Unlike art, it is a mundane endeavor. Also, there is a clear concept of working (good) and non-working (not good). It results in (although mainly sub-par) action in the real life - its objects are not people. A painting (save for the magical one) does not backup your data to safe location.
Skill – I would set for a skill. More a set of skills/capabilities: bit of mathematics (you can calculate average disk queue given only #reads and #writes), abstract reasoning and lots of common sense. Since being practical about it bits a shit out of other approaches, it is irrelevant what programming definition is.
What I intended to write was a set of approaches that helped (me) produce code in less time, reliable, reasonably efficient and usable. But, at the end, it is always you that helps you write better (or worse). Approaches and procedures are for tombstones, to quote MrBig.
However, you either write code, or you don't. In the later case, your opinion does not account for much, now, does it?
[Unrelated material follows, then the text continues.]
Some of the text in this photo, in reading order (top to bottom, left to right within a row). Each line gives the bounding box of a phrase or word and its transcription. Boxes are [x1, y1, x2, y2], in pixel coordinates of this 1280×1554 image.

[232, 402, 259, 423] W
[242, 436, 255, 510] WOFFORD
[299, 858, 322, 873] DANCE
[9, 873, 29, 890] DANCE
I’ll skip the last pillar, security, as it is, in my mind, associated with paranoia of 00s. These are in the order of importance, although each one gets a bit into the previous one territory:
Functionality - you sell a product, therefore, you need a product. Not in 10 years, but by yesterday. Therefore, it is better to deliver not optimal – but acceptable – product, than to not deliver the perfect product (perfect even in the sense of “significantly better”). No functionality - no Buck Rogers.
Reliability – program reliable 90% of the time is as good as no program. Plus you get all the bad customer childhood memories even when you finally correct problems.
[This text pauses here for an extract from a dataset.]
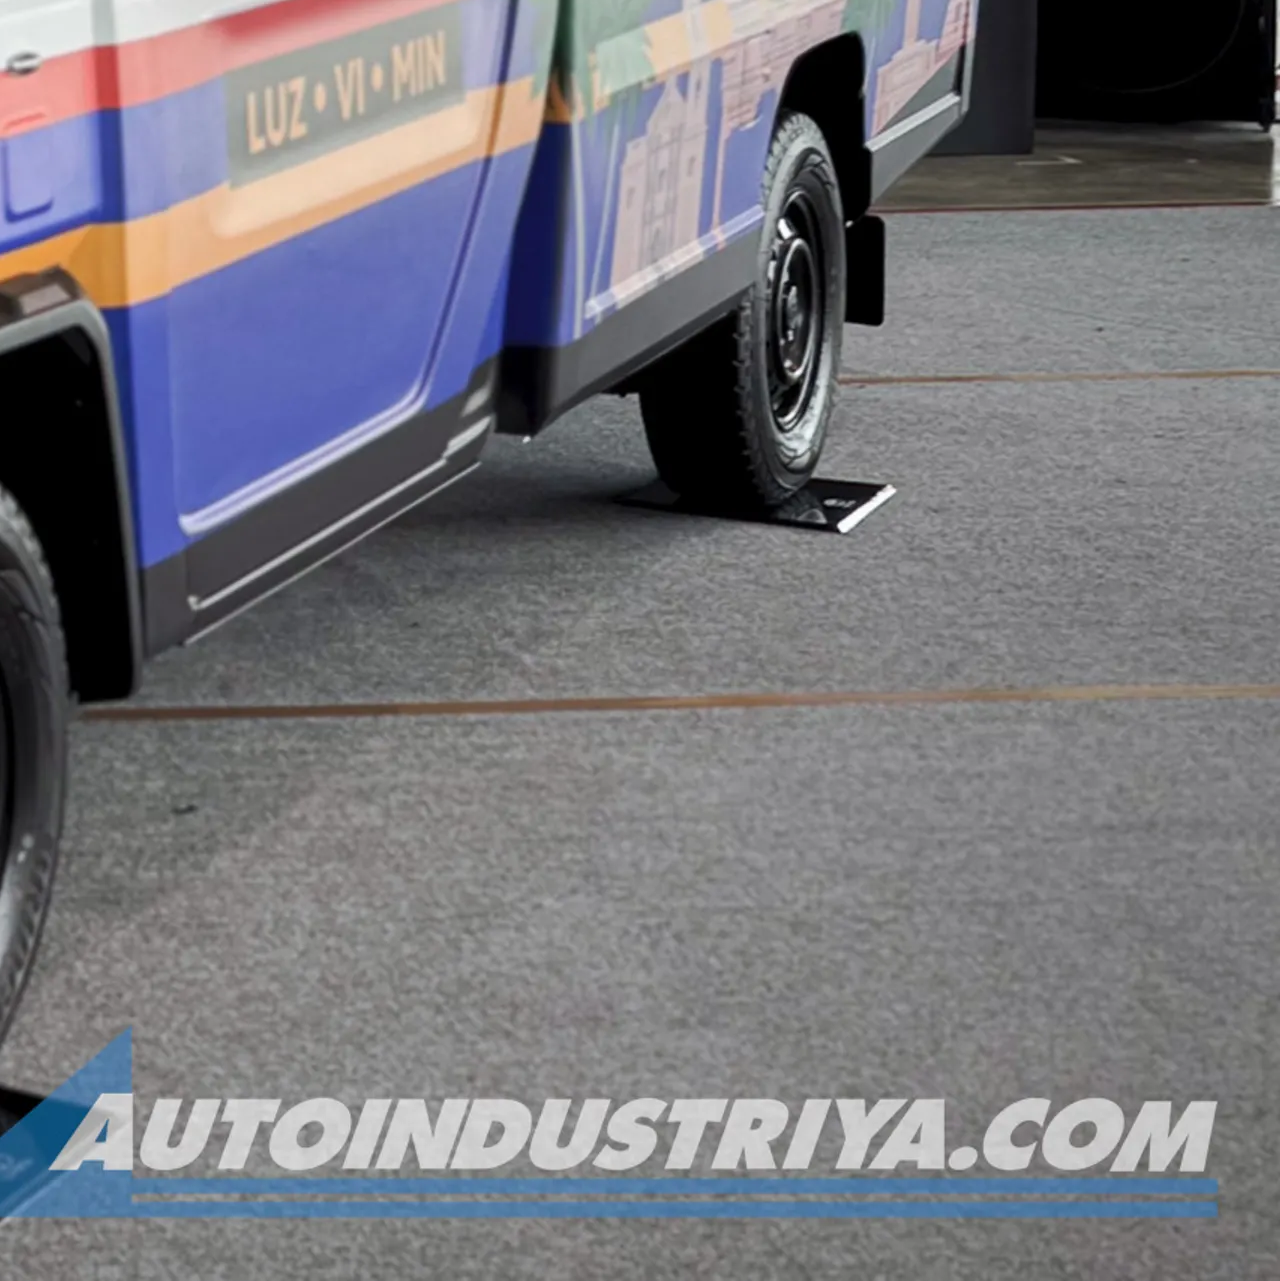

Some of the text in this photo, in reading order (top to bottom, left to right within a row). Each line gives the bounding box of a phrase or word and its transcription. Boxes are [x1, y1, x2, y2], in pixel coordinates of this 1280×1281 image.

[245, 28, 447, 156] LUZ VI MIN
Performance – once magic barrier in slowness is broken, product is perceived as not working at all. Above the barrier, you may be rejected, but for time being only - later faster version may attract the same people.
Usability – program works but a puny human responsible to administer it cannot follow your often insane demands. Example: requiring registry and configuration file editing, especially in multi-host environment when program itself has no provisions to ease such a task, requiring a reboot so changes may come in the affect etc.
Intro
Coding for some 20 odd years, last 8 in the industry1, having mated or fought (or both), in order of appearance, with 6502A assembler, basic, turbo Pascal, C, C++, Perl, ruby, python, Jscript, and making acquaintance with SQL, C#, Java and PostScript2, while residing in Oric Nova 64, pc286 with turbo button, Atari 512stfm, HP-UX (hp-ux), AIX (as in no pager in man), Solaris (slowaris), Windows, Linux, FreeBSD and True643, getting visited by NCR, Sinix, OpenVMS and Netware, and having strictly professional relationship with SAPDB/MAXDB/SAPDB4, Sybase (Adaptive Server), Informix (IDS), Lotus Domino Server, Oracle, Microsoft SQL, Exchange servers and VMware ESX, my 5 cents ...
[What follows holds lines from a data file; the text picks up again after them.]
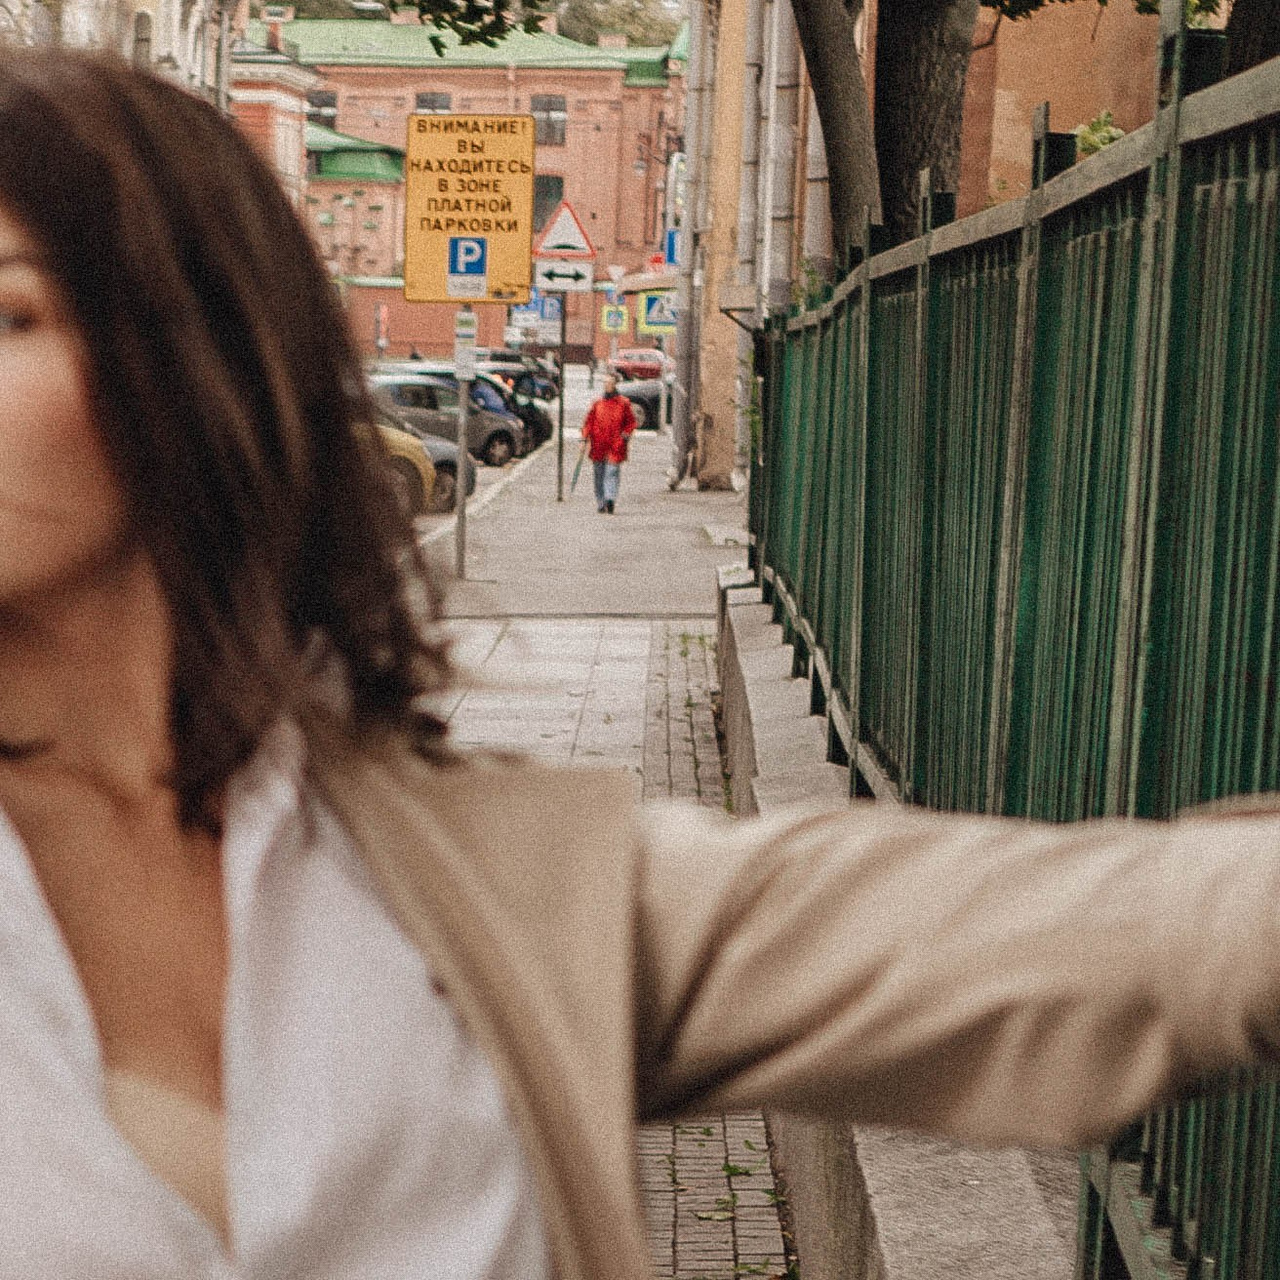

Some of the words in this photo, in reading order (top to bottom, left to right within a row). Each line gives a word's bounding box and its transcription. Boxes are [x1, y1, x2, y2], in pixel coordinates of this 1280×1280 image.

[417, 119, 527, 134] ВНИМАНИЕ!
[457, 139, 485, 153] ВЫ
[409, 158, 531, 174] НАХОДИТЕСЬ
[438, 178, 449, 193] В
[456, 178, 502, 193] ЗОНЕ
[427, 195, 512, 213] ПЛАТНОЙ
[420, 217, 519, 232] ПАРКОВКИ
[457, 239, 482, 273] P
1 Elvis has left the building since 2 Everything you can make fractals with deserves a programming language title. Except perhaps for a xerox. 3 Too bad hp bought + sidelined it. You can pull almost any piece of hardware out of it, while OS is running – except for the 0th processor. Plus, points for looking like black refrigerator. 4 Real branding changes
New rules, in the Bill Maher style:
Debate does not have two equal sides. One side is wrong. Or both are. I’ve recently stumbled upon older C vs. Pascal forums; couldn't resist but to read, having written CAD program in Pascal years ago (and fancied myself wrongly, at the time, to be "in the know"). Ignoring the fact that I already knew what happened later to both sides (C went on to become preferred operating system and system programming language, while Pascal declined into obscurity), one could not have guessed who was right judging solely on the information presented in these debates. Arguments for own side, criticisms of the opponent and the eloquence of proponents, seemed equally spread among sides. Thinking of contemporary duels (Java vs. .NET for one) in that context makes me smile. Q.E.D. by anecdotic evidence.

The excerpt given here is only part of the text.